As a quick example, try using the console to calculate a 15% tip on a meal that cost $19.71:

0.15 * 19.71

Rstudio (now called Posit)

Installation of R and RStudio

  • You can download and install R base via r-project.org (currently R-4.4.1)

  • Then, after the installation of R, you can download RStudio via posit.co (currently)

  • After installation of R and RStudio, you can open up the RStudio to start your R programming.

    • however, your R only has the base package

    • To enhance its utility, most users will install R packages for certain purposes

R packages

  • R packages are uploaded to some platforms (i.e., CRAN or Github) by researchers or companies

    • Those R packages typically have their version numbers. Some functions may be available for some version (like Ver. 1.1) but not be available in other versions.

    • Do not upgrade your packages if you code is running well

  • R users are free to download and use those R packages

    • To download certain package, you should know package name

    • For example, if you want to download the latest version of tidyverse package, you can type in following command in the console panel of Rstudio

    install.packages("tidyverse")
    • Or if you want to install the older version of package
    require(devtools)
    install_version("tidyverse", version = "1.3.0", repos = "http://cran.us.r-project.org")

More about R packages

  • CRAN (Comprehensive R Archive Network) is a network of servers around the world that store identical, up-to-date, versions of code and documentation for R.
    • It contains most stable version of packages.
    • Most of time, we download package from CRAN
  • Github is for the fast development for R packages
    • It contains the up-to-date version of R which may potentially be unstable

    • You can download the package from Github using pak package

      pak::pak("tidyverse/ggplot2")
    • You can update the package and its dependencies

      pak::pkg_install("ggplot2", upgrade = TRUE)

R functions

  • To operate certain tasks, you need to use functions contained in R packages

    • There are two ways of using R functions

    • Direct way: you don’t have to load your package first


    • Use-after-load way: Package is loaded in your session before you can call the function name without specifying the package name

      library("ggplot2")
      ggplot() +
        geom_point(aes(x = 1:100, y = 100:1), color = "tomato")

R functions (Cont.)

  • How do you know you already load the package or not

  • You can use sessionInfo function

    sessionInfo()
  • It outputs multiple info:

    • R version, Operations System, Matrix operation package, Locale

    • Attached packages (you can call the functions of those package)

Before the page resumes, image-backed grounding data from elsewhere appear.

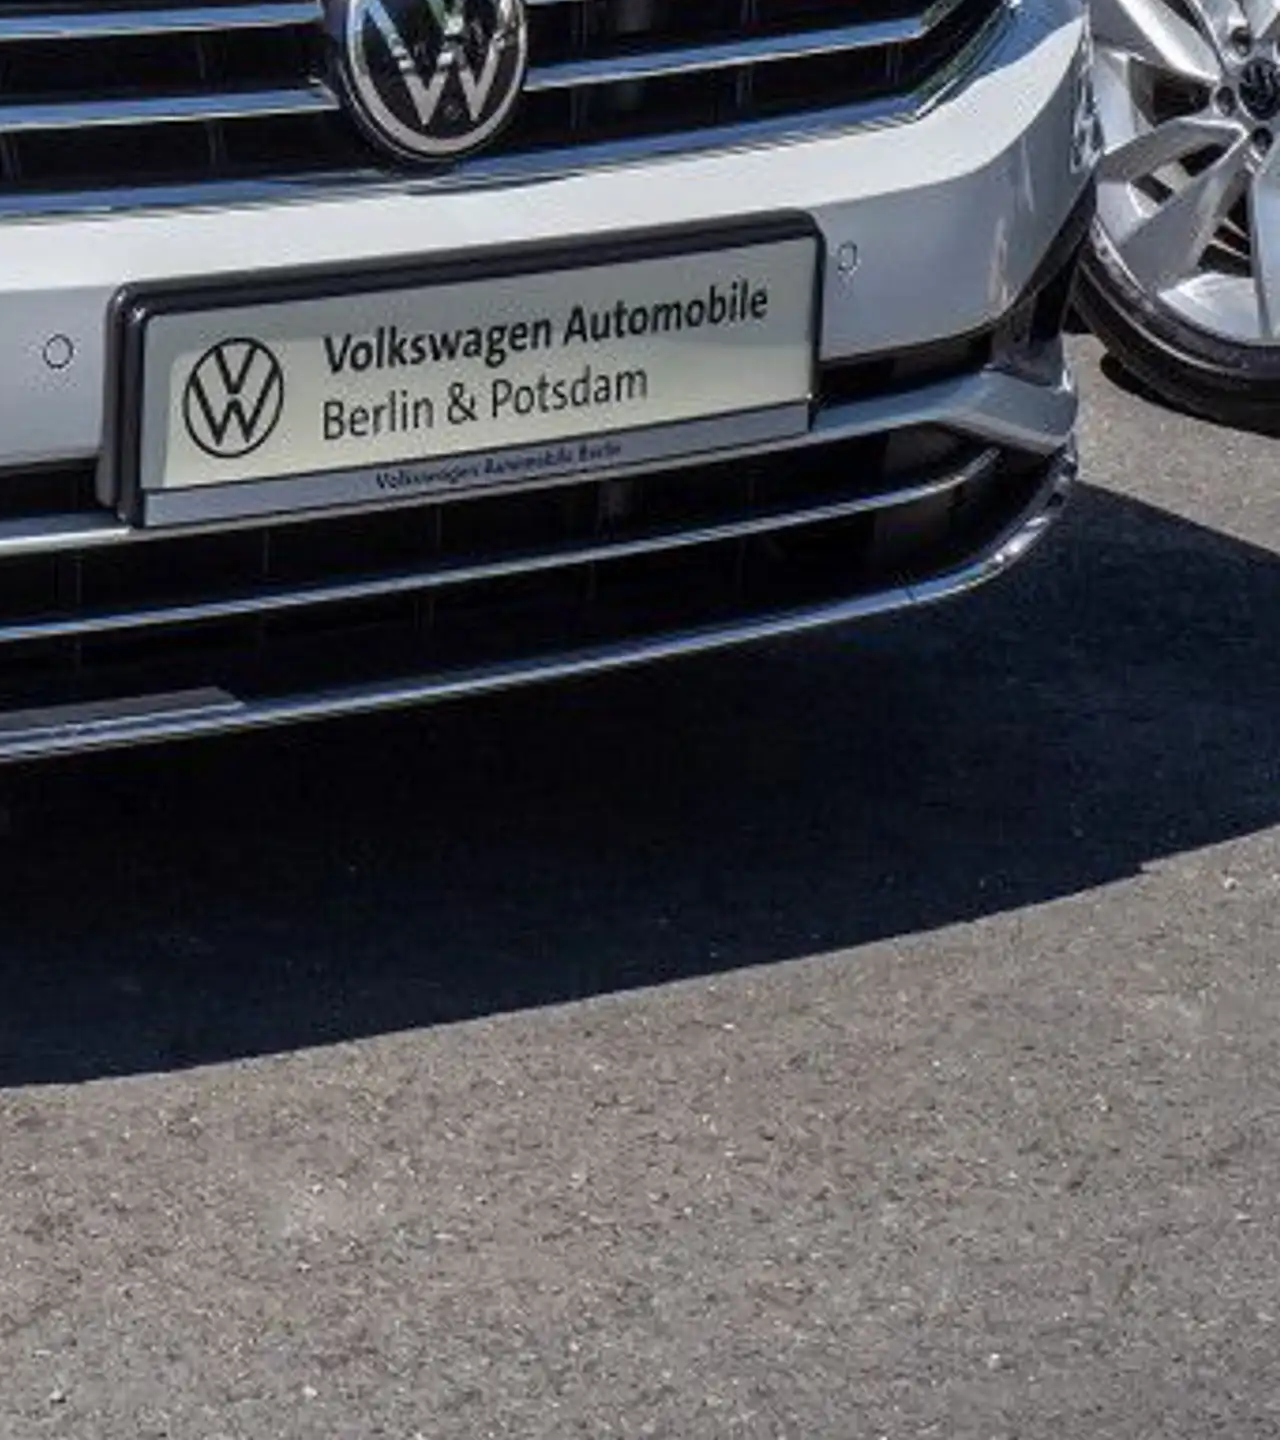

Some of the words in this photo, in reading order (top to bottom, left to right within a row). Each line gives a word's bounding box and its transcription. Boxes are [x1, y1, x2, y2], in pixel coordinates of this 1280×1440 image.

[323, 316, 552, 375] Volkswagen
[562, 276, 769, 346] Automobile
[322, 389, 435, 441] Berlin
[446, 381, 478, 425] &
[490, 364, 648, 419] Potsdam

    • Loaded package via a namespace (and not attached), which you cannot call functions and need to library or require them

Execute R code

  • After you finish R script, you have multiple ways of executing the code and output the results on Console:

    • Method 1: you can click Run button in the top right-head of Rstudio

    • Method 2: you can select certain code and press Ctrl + Enter (Win) or Command + Return (Mac)

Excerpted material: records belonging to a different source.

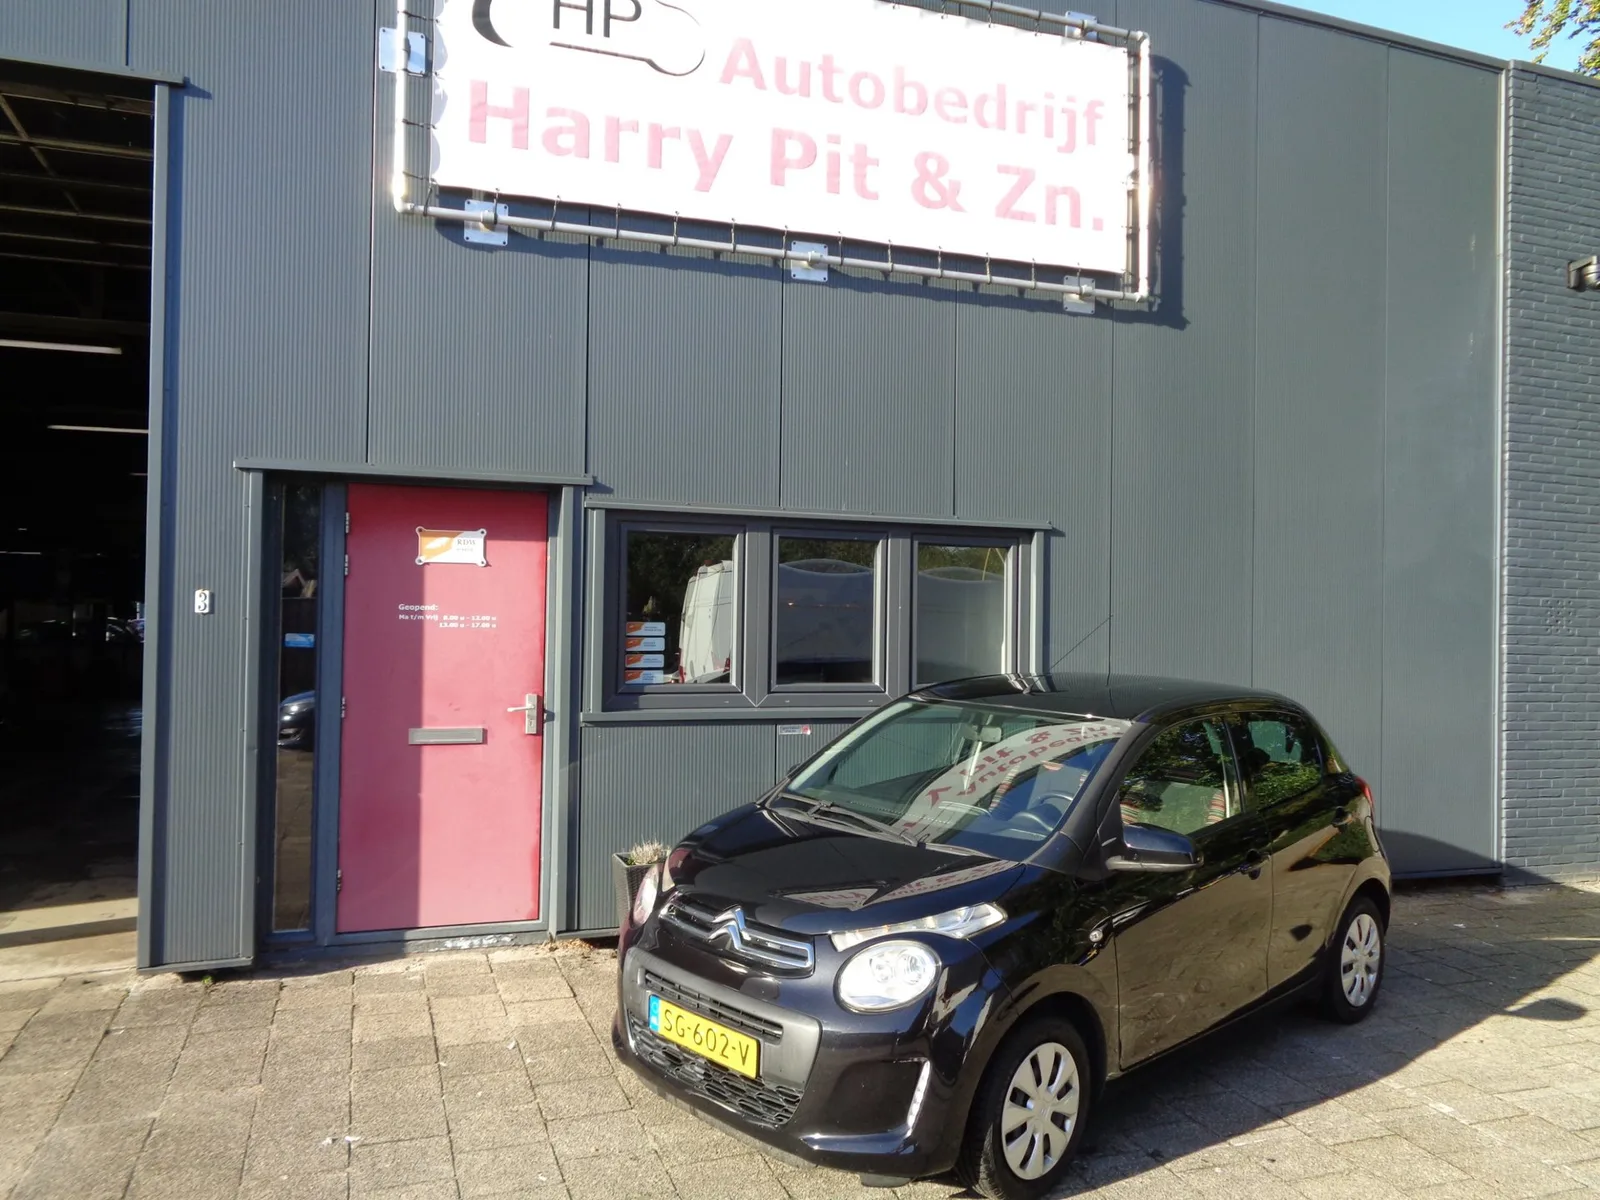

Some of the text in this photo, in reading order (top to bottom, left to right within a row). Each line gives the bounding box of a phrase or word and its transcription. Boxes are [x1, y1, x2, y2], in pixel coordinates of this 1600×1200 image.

[719, 36, 1106, 154] Autobedrijf
[468, 78, 1105, 233] Harry Pit & Zn.
[198, 591, 208, 612] 3
[398, 603, 439, 612] Geopend:
[663, 1008, 750, 1066] SG-602-V

    • Method 3: you can Rscript [FILENAME].r to run the whole script

    • Method 4: you can using R notebook to interactively run R code

Script file is .R Script file is .rmd or .qmd
Run the whole script
  • Method 1
  • Method 3
  • Method 4
Run the partial script
  • Method 2
  • Method 4

Introduce Rstudio

  • RStudio will be our launching pad for data science projects. It not only provides an editor for us to create and edit our scripts but also provides many other useful tools.

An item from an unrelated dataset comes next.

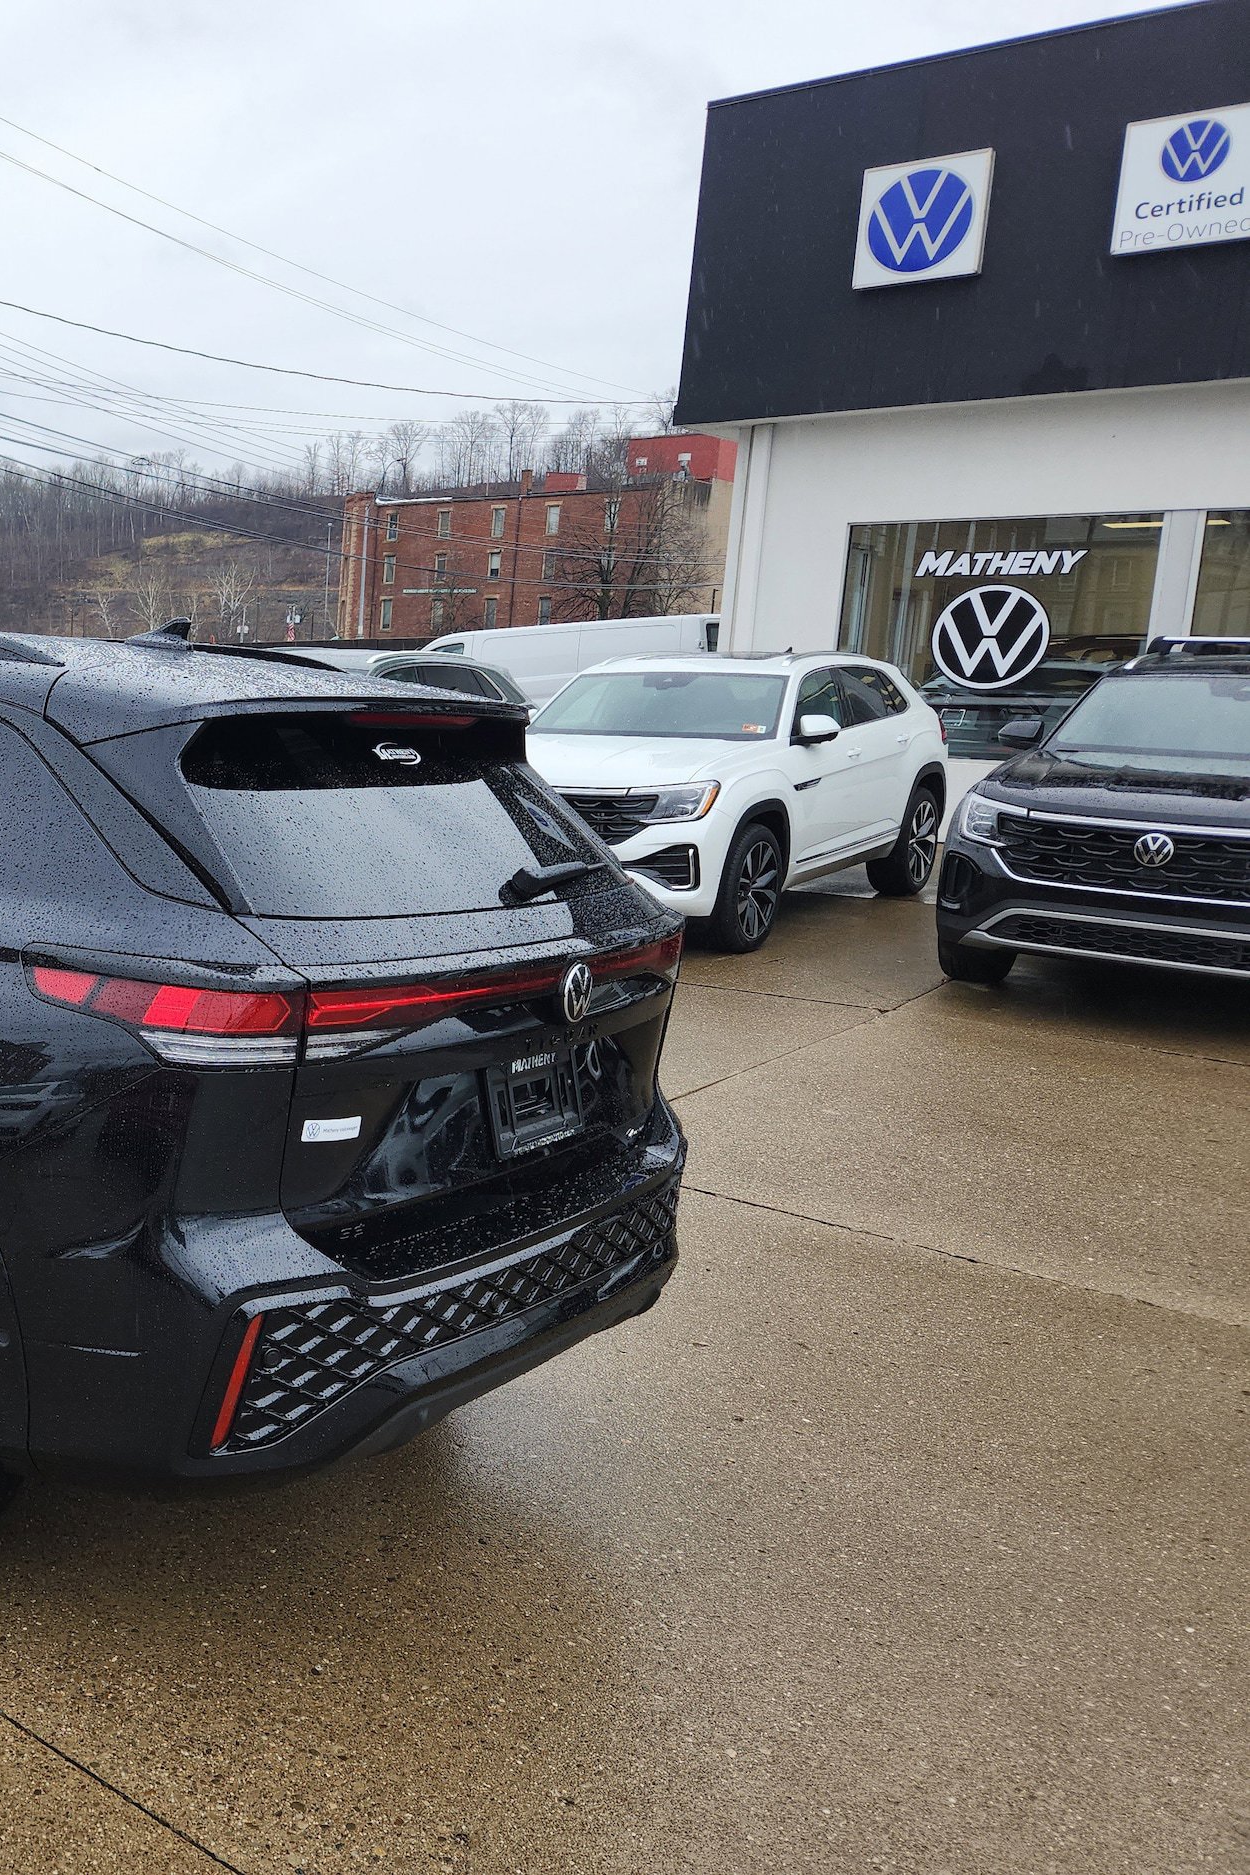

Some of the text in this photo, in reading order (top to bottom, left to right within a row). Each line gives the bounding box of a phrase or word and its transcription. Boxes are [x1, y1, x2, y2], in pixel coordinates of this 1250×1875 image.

[1135, 187, 1245, 220] Certified
[914, 549, 1089, 577] MATHENY
[512, 1052, 556, 1074] MATHENY

  • When you start RStudio for the first time, you will see three panes:

    • The left pane shows the Code editor (will show when you create a new file) and R console.

    • On the right, the top pane includes tabs such as Environment and History, while the bottom pane shows five tabs: File, Plots, Packages, Help, and Viewer .

  • To start a new script in Code editor, you can click on File > New File > R Script.

Key Binding

  • For the efficient coding, we highly recommend that you memorize key bindings for the operations you use most.

  • RStudio provides a useful cheat sheet with the most widely used commands

  • To open the cheat sheet, Help > Cheat Sheets > Rstudio IDE Cheat Sheets

Global Option

  • You can change the look and functionality of RStudio quite a bit.

  • To change the global options you click on Tools then Global Options.

  • As an example we show how to make a change that we highly recommend:

    • General > Basic > Workspace: Change the Save workspace to .RData on exit to Never .

    • General > Basic > Workspace: Uncheck the Restore .RData into workspace at startup to Never

    • Code > Editing: check use the native piper operator, |>

.RData file

  • By default, when you exit R saves all the objects you have created into a file called .RData.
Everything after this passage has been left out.